━━━ THE INPUT

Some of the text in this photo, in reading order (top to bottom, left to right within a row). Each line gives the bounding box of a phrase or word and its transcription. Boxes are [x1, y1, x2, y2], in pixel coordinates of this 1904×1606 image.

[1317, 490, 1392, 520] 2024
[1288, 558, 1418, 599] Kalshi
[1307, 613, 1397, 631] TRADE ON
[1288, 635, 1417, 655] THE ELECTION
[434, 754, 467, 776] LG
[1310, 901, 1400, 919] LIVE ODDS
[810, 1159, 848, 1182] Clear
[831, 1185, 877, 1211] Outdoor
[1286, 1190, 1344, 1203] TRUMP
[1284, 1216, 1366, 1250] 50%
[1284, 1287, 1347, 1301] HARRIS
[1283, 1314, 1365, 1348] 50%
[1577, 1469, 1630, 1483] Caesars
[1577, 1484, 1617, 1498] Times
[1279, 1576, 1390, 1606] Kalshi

━━━━━━

• **TASK GOAL**
From the first line to the last, retype the records exactly.

• **TASK RESULT**
Some of the text in this photo, in reading order (top to bottom, left to right within a row). Each line gives the bounding box of a phrase or word and its transcription. Boxes are [x1, y1, x2, y2], in pixel coordinates of this 1904×1606 image.

[1317, 490, 1392, 520] 2024
[1288, 558, 1418, 599] Kalshi
[1307, 613, 1397, 631] TRADE ON
[1288, 635, 1417, 655] THE ELECTION
[434, 754, 467, 776] LG
[1310, 901, 1400, 919] LIVE ODDS
[810, 1159, 848, 1182] Clear
[831, 1185, 877, 1211] Outdoor
[1286, 1190, 1344, 1203] TRUMP
[1284, 1216, 1366, 1250] 50%
[1284, 1287, 1347, 1301] HARRIS
[1283, 1314, 1365, 1348] 50%
[1577, 1469, 1630, 1483] Caesars
[1577, 1484, 1617, 1498] Times
[1279, 1576, 1390, 1606] Kalshi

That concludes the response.